Do graph search algorithms have applications for strategy? https://www.redblobgames.com/pathfinding/a-star/introduction... Consider a game like age of empires. The cost of attacking a village goes up when a wall is built around it. But when canon are invented, the cost goes down.
Can we model each map (before and after invention of canon) and use it to plan a strategy?
Same for building a port , portal or airport.
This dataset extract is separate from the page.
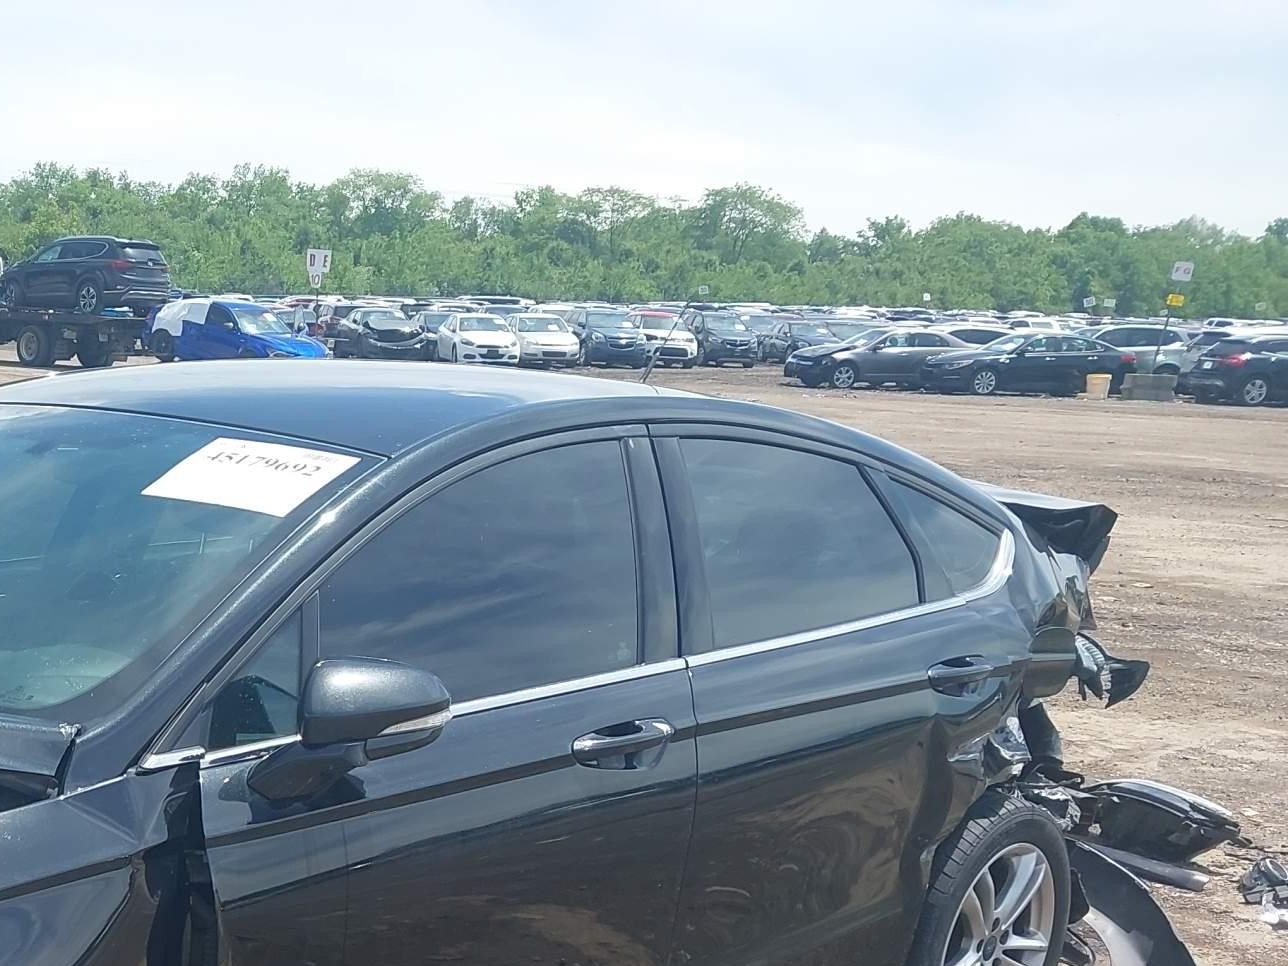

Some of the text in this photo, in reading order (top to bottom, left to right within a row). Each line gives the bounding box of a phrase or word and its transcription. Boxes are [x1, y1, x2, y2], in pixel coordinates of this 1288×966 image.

[310, 254, 328, 267] D E
[312, 274, 320, 285] 10
[207, 451, 322, 476] 45179692
I would guess it's probably not worth it because "how much do cannons improve my overall position" is a tricky question, and making a really intelligent and sophisticated answer is not really visibly distinct to players from a stupid heuristic like a sigmoid function of how many walls the player has built. It's an amusing curiosity that you can build stupid walls and trick the AI into researching the tech, but it's better to make those walls you're paying for useful, so you can rely on that being generally true.
I think a lot about some advice I heard from the creator of Brogue. Essentially players have a tough time figuring out how AIs make their decisions and often assign complex motives to them when they don't exist. His example was he coded archers to try to maintain a position in some range band from the player as their primary motivation in a vacuum. The community would assign all sorts of supposed logic to archer behavior because in real-world environments with extra geometry or extra situational AI routines they couldn't see behind the curtain. Additionally, that most game AI exists to create a fun experience for the player, we only make it try to play well in service of that goal.
I agree, it seems tricky to actually quantify. The hard part is to create the graph in the first place, before you start the graph search.
There must be methods for creating simplified approximations.